[Analysis of factors affecting long-term survival in patients with anaplastic thyroid carcinoma and the efficacy of immunotherapy]
- PMID: 40813120
- DOI: 10.3760/cma.j.cn112152-20240906-00388
[Analysis of factors affecting long-term survival in patients with anaplastic thyroid carcinoma and the efficacy of immunotherapy]
Abstract
Objective: To explore the long-term survival outcomes of patients with anaplastic thyroid cancer (ATC) and analyze key factors influencing the prognosis. Methods: A retrospective analysis was conducted on the clinical and follow-up data of 77 ATC patients treated at the Sun Yat-sen University Cancer Center from March 2000 to July 2022, with tumor-specific survival as the primary endpoint. The Kaplan-Meier method was used to plot the survival curves, and univariate and multivariate Cox regression analyses were performed to identify the prognostic factors. Results: Among the 77 patients, 64 underwent surgical treatment, with 33 receiving surgery alone, 8 undergoing surgery combined with chemotherapy, 13 undergoing surgery with radiotherapy, 1 undergoing surgery with chemotherapy and radiotherapy, 2 receiving surgery combined with chemotherapy and targeted therapy, 3 receiving surgery with targeted therapy, and 4 receiving surgery with immunotherapy and targeted therapy. Among the 13 patients who did not undergo surgery, 2 received chemotherapy alone, 3 received targeted therapy alone, 1 received immunotherapy alone, 1 received chemoradiotherapy, 5 received chemotherapy combined with immunotherapy, and 1 received immunotherapy combined with targeted therapy. The median follow-up time was 8.4 months, with 58 patients (75.3%) died, and the median survival time was 6.63 months. Univariate Cox regression analysis showed that C-reactive protein, monocyte count, lymphocyte count, abnormal albumin levels, the maximum diameter of the primary tumor, BMI, and whether immunotherapy was administered were significantly associated with survival in ATC patients (all P<0.05). Multivariate Cox regression analysis indicated that immunotherapy was an independent factor for survival in ATC patients (HR=0.18, 95% CI: 0.05-0.62, P=0.007). Among the 40 patients admitted after 2015, the 11 patients who received immunotherapy had a median survival time of 17.2 months, which was superior to the 29 patients who did not receive this treatment (median survival time 6.2 months, P=0.03). Conclusions: ATC patients receiving immunotherapy had a better prognosis and longer survival. Additionally, elevated C-reactive protein, abnormal albumin, monocyte count, lymphocyte count, and BMI might be associated with poorer prognosis in ATC. Tailoring treatment based on the individual characteristics of ATC patients may be beneficial for their long-term survival.

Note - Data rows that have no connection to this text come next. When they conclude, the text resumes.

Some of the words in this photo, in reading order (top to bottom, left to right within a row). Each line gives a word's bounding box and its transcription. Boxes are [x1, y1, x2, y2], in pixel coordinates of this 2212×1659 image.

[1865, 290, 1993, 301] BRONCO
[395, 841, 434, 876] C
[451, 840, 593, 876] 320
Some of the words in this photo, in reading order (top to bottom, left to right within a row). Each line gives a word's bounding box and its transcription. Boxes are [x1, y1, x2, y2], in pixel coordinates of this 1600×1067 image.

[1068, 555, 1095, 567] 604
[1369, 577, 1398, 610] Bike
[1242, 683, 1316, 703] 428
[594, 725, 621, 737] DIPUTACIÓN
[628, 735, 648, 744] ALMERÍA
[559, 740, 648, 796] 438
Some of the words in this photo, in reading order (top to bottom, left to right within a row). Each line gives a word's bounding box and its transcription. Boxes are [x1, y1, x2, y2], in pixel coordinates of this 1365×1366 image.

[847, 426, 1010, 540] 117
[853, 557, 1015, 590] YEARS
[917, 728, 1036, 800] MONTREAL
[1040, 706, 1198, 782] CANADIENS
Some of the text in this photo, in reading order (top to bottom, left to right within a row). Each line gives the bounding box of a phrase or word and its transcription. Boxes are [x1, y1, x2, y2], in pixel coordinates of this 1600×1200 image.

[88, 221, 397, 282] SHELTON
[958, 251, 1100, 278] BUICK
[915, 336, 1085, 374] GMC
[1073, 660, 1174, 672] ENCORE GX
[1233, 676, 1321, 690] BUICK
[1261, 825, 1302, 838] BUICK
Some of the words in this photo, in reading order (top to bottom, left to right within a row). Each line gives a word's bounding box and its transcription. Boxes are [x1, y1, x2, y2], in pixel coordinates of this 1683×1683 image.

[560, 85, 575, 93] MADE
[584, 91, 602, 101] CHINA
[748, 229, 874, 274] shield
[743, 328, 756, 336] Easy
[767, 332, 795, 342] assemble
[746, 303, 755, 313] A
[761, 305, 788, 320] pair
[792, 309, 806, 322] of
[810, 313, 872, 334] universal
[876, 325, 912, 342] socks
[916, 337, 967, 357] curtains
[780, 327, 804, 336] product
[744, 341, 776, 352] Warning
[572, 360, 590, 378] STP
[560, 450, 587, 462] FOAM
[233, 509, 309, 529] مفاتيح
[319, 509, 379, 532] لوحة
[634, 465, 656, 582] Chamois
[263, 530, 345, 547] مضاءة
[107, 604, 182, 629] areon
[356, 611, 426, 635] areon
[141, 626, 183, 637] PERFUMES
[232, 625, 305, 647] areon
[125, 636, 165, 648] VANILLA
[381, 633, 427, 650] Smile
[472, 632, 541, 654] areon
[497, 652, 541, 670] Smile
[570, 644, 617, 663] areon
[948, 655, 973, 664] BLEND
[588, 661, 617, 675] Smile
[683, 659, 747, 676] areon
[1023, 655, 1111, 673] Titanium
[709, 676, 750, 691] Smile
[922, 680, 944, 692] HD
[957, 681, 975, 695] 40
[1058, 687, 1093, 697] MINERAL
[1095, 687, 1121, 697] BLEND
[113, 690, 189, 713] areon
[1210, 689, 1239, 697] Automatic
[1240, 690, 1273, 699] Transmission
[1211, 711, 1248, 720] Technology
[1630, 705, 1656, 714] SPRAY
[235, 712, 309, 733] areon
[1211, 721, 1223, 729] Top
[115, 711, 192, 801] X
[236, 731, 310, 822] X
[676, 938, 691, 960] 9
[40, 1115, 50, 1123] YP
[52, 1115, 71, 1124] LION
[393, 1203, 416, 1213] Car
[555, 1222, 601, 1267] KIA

目的: 探讨甲状腺未分化癌(ATC)患者的远期生存情况,并分析影响预后的关键因素。 方法: 回顾性分析2000年3月至2022年7月在中山大学肿瘤防治中心接受治疗的77例ATC患者的临床和随访资料,以肿瘤特异性生存为主要研究终点。采用Kaplan-Meier法绘制生存曲线,采用单因素和多因素Cox回归分析明确预后影响因素。 结果: 77例患者中,64例患者行手术治疗,其中单纯接受手术治疗33例,手术+化疗8例,手术+放疗13例,手术+化疗+放疗1例,手术+化疗+靶向治疗2例,手术+靶向治疗3例,手术+免疫+靶向治疗4例;未行手术的13例患者中,单纯化疗2例,单纯靶向治疗3例,单纯免疫治疗1例,放疗+化疗1例,化疗+免疫治疗5例,免疫治疗+靶向治疗1例。中位随访时间8.4个月,有58例(75.3%)患者死亡,中位生存时间为6.6个月。单因素Cox回归分析显示,C反应蛋白、单核细胞计数、淋巴细胞计数、白蛋白含量异常、原发灶最大径、BMI、是否免疫治疗与ATC患者的生存有关(均P<0.05)。多因素Cox回归分析显示,免疫治疗是ATC患者生存的独立影响因素(HR=0.18,95% CI:0.05~0.62,P=0.007)。40例2015年及以后收治的患者中,接受免疫治疗的11例患者中位生存时间为17.2个月,优于未接受免疫治疗的29例患者(中位生存时间为6.2个月,P=0.028)。 结论: 接受免疫治疗的ATC患者呈现更好的预后,生存时间更长。此外,C反应蛋白、白蛋白、单核细胞计数、淋巴细胞计数和BMI异常可能与ATC的不良预后相关。根据ATC患者的具体情况灵活调整治疗方式可能更有利于患者的远期生存。.